* _About this exercise_:
Copy every record exactly as it stands. Leave the pictures out.

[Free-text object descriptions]
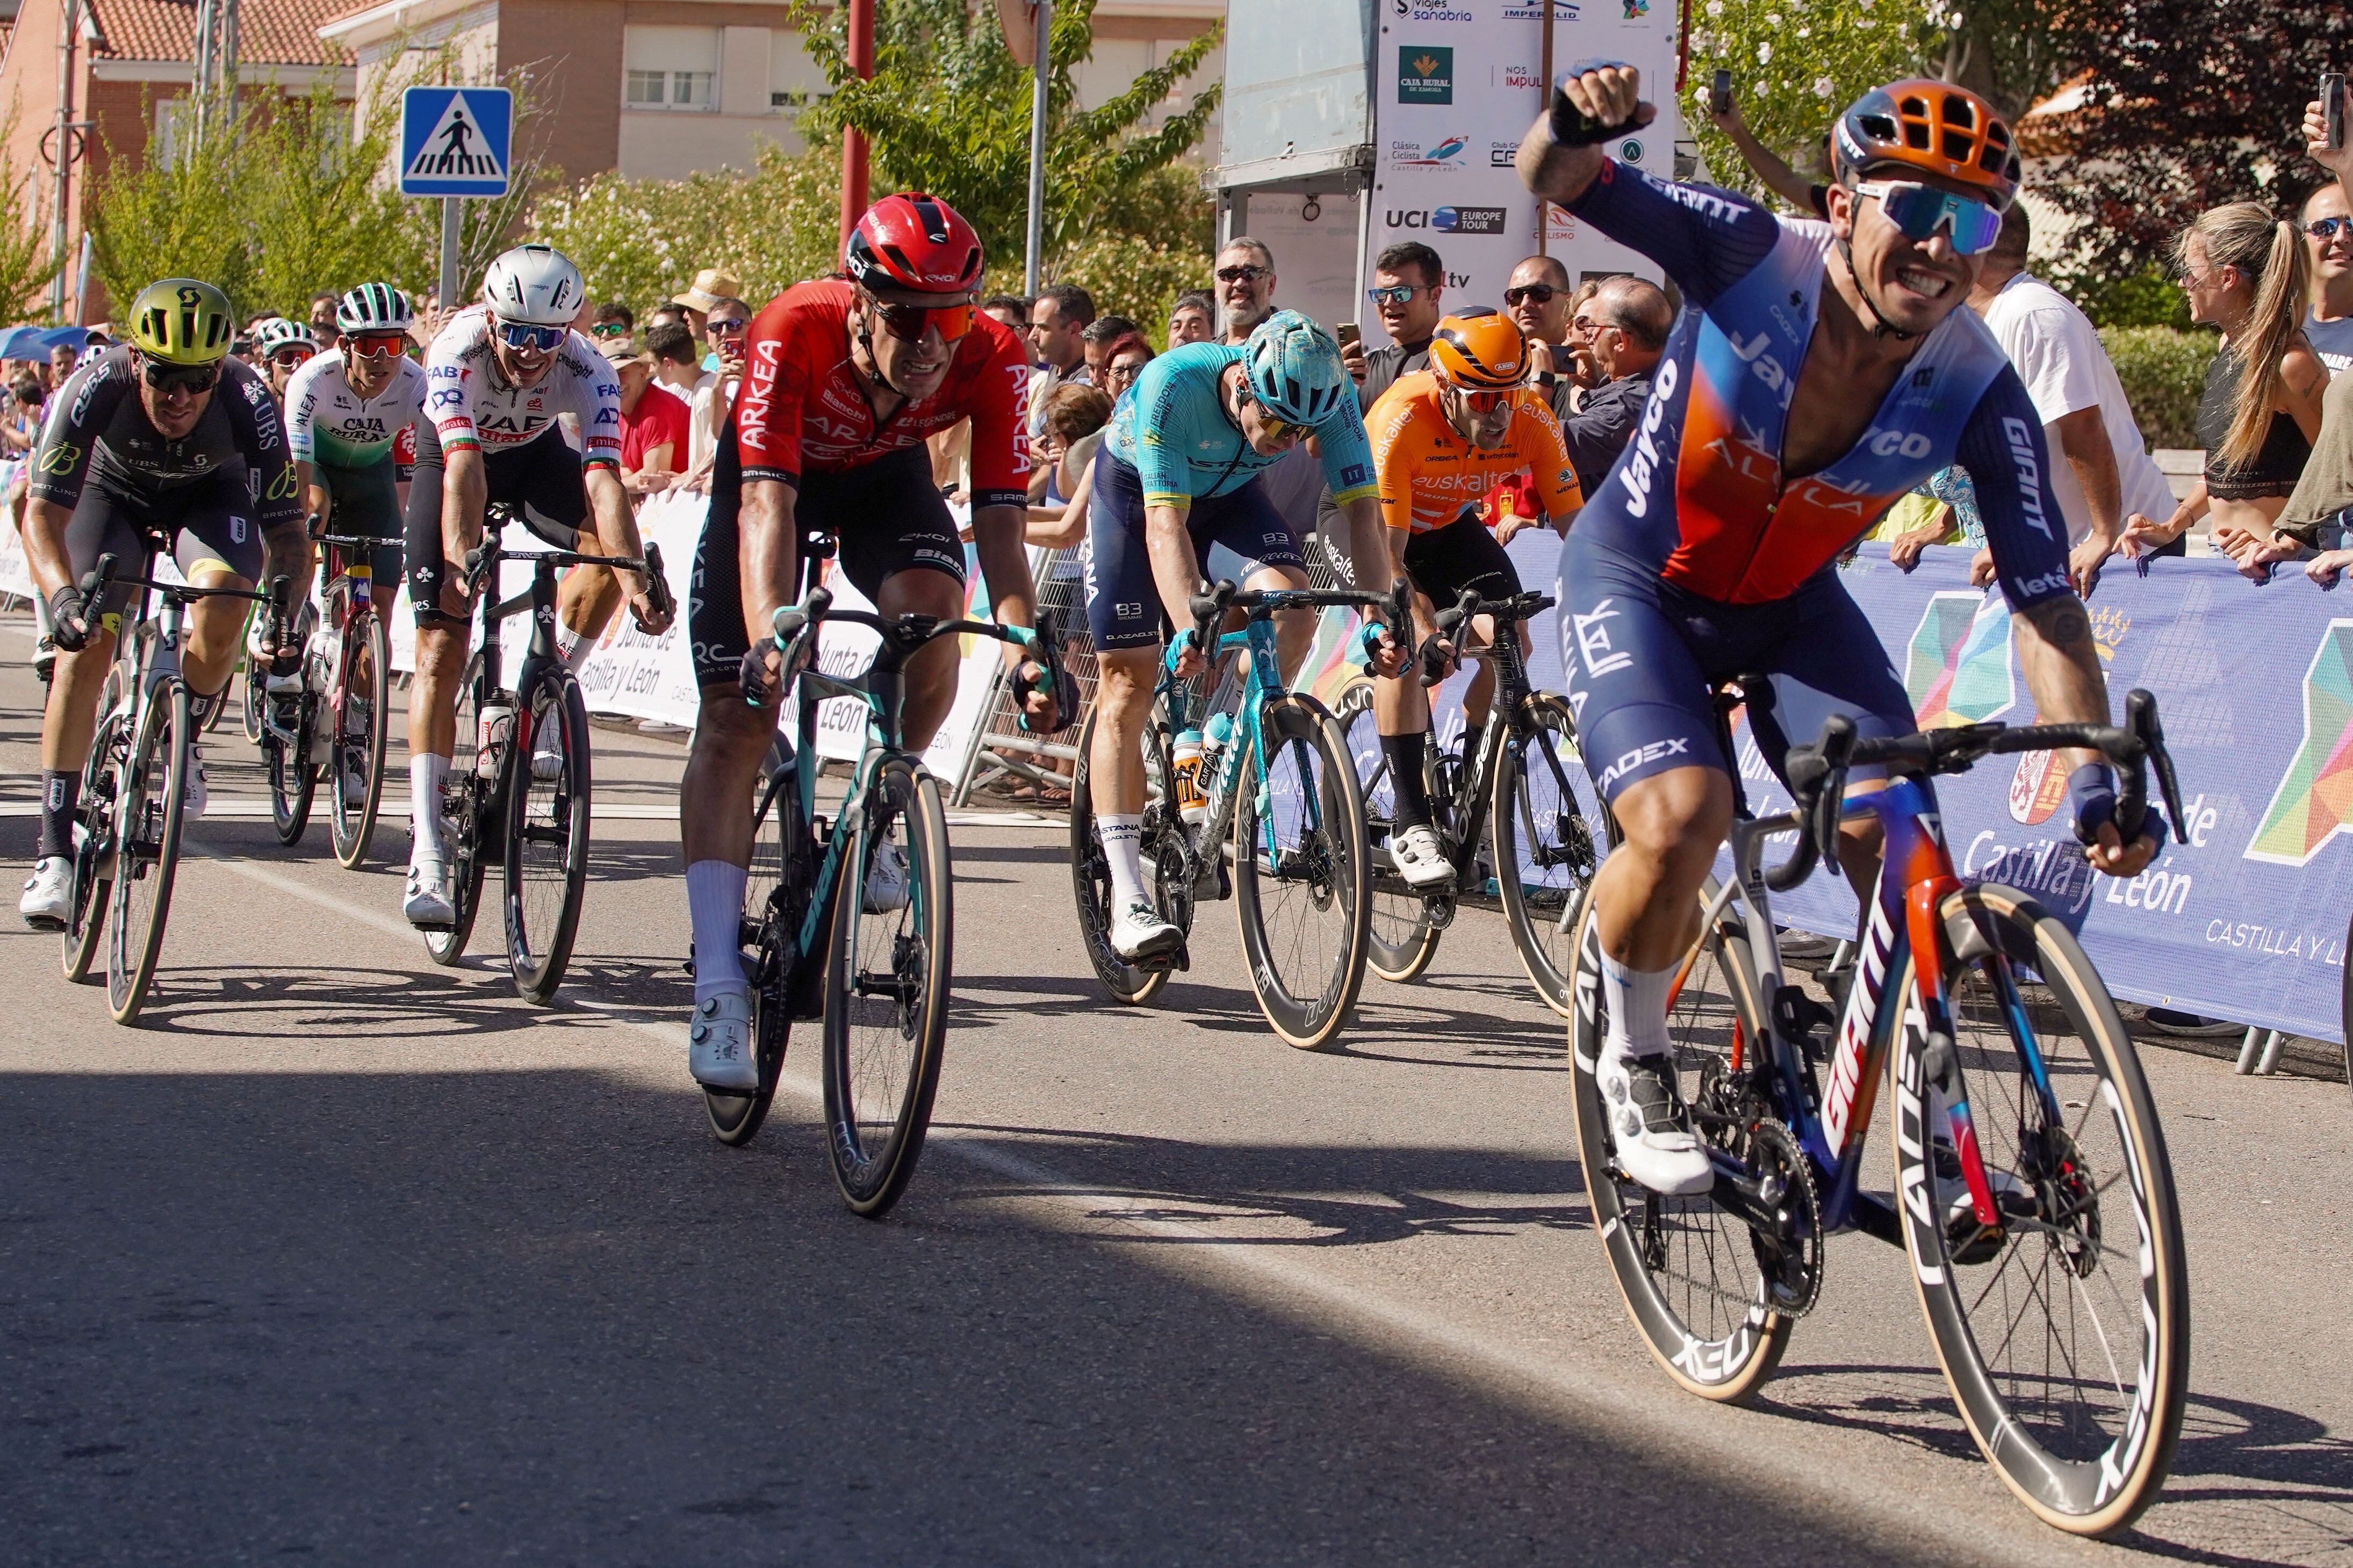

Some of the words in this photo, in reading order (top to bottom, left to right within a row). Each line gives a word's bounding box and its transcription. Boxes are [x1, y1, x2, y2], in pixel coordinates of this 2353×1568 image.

[1414, 10, 1472, 21] sanabria
[1505, 10, 1577, 19] IMPERLID
[1400, 78, 1421, 86] CAJA
[1422, 78, 1451, 87] RURAL
[1506, 66, 1527, 74] NOS
[1392, 141, 1420, 150] Clásica
[1392, 150, 1420, 160] Ciclista
[1386, 210, 1429, 228] UCI
[1461, 211, 1502, 221] EUROPE
[1461, 220, 1489, 230] TOUR
[1533, 232, 1575, 240] CLISMO
[557, 275, 573, 310] MET
[557, 350, 595, 379] presight
[1497, 362, 1514, 370] ABUS
[70, 360, 111, 428] Q36.5
[739, 339, 782, 451] ARKEA
[822, 388, 867, 422] Bianchi
[1149, 380, 1176, 428] FREEDOM
[253, 400, 279, 451] UBS
[296, 393, 318, 427] ALEA
[343, 417, 386, 432] CAJA
[1158, 402, 1173, 433] BROKER
[1338, 403, 1352, 430] BROKER
[1344, 398, 1365, 443] FREEDOM
[1376, 407, 1413, 478] euskaltel
[1522, 403, 1568, 462] euskaltel
[1618, 357, 1679, 518] Jayco
[128, 459, 159, 467] UBS
[1347, 467, 1361, 481] IT
[1144, 480, 1178, 489] TRATTORIA
[1411, 468, 1518, 493] euskalte
[2003, 416, 2054, 542] GIANT
[1262, 532, 1290, 544] B3
[1116, 602, 1142, 616] B3
[577, 659, 616, 692] astilla
[609, 671, 625, 701] y
[625, 659, 660, 695] León
[820, 695, 864, 734] León
[1457, 709, 1498, 846] ORBEA
[2181, 793, 2217, 849] de
[1963, 829, 2069, 895] Castilla
[2069, 868, 2095, 915] y
[2105, 857, 2192, 914] León
[2205, 918, 2303, 957] CASTILLA
[2307, 937, 2322, 959] Y
[1821, 862, 1895, 1160] GIANT
[1896, 978, 1945, 1285] CADEX

* _Exercise output_:
Some of the words in this photo, in reading order (top to bottom, left to right within a row). Each line gives a word's bounding box and its transcription. Boxes are [x1, y1, x2, y2], in pixel coordinates of this 2353×1568 image.

[1414, 10, 1472, 21] sanabria
[1505, 10, 1577, 19] IMPERLID
[1400, 78, 1421, 86] CAJA
[1422, 78, 1451, 87] RURAL
[1506, 66, 1527, 74] NOS
[1392, 141, 1420, 150] Clásica
[1392, 150, 1420, 160] Ciclista
[1386, 210, 1429, 228] UCI
[1461, 211, 1502, 221] EUROPE
[1461, 220, 1489, 230] TOUR
[1533, 232, 1575, 240] CLISMO
[557, 275, 573, 310] MET
[557, 350, 595, 379] presight
[1497, 362, 1514, 370] ABUS
[70, 360, 111, 428] Q36.5
[739, 339, 782, 451] ARKEA
[822, 388, 867, 422] Bianchi
[1149, 380, 1176, 428] FREEDOM
[253, 400, 279, 451] UBS
[296, 393, 318, 427] ALEA
[343, 417, 386, 432] CAJA
[1158, 402, 1173, 433] BROKER
[1338, 403, 1352, 430] BROKER
[1344, 398, 1365, 443] FREEDOM
[1376, 407, 1413, 478] euskaltel
[1522, 403, 1568, 462] euskaltel
[1618, 357, 1679, 518] Jayco
[128, 459, 159, 467] UBS
[1347, 467, 1361, 481] IT
[1144, 480, 1178, 489] TRATTORIA
[1411, 468, 1518, 493] euskalte
[2003, 416, 2054, 542] GIANT
[1262, 532, 1290, 544] B3
[1116, 602, 1142, 616] B3
[577, 659, 616, 692] astilla
[609, 671, 625, 701] y
[625, 659, 660, 695] León
[820, 695, 864, 734] León
[1457, 709, 1498, 846] ORBEA
[2181, 793, 2217, 849] de
[1963, 829, 2069, 895] Castilla
[2069, 868, 2095, 915] y
[2105, 857, 2192, 914] León
[2205, 918, 2303, 957] CASTILLA
[2307, 937, 2322, 959] Y
[1821, 862, 1895, 1160] GIANT
[1896, 978, 1945, 1285] CADEX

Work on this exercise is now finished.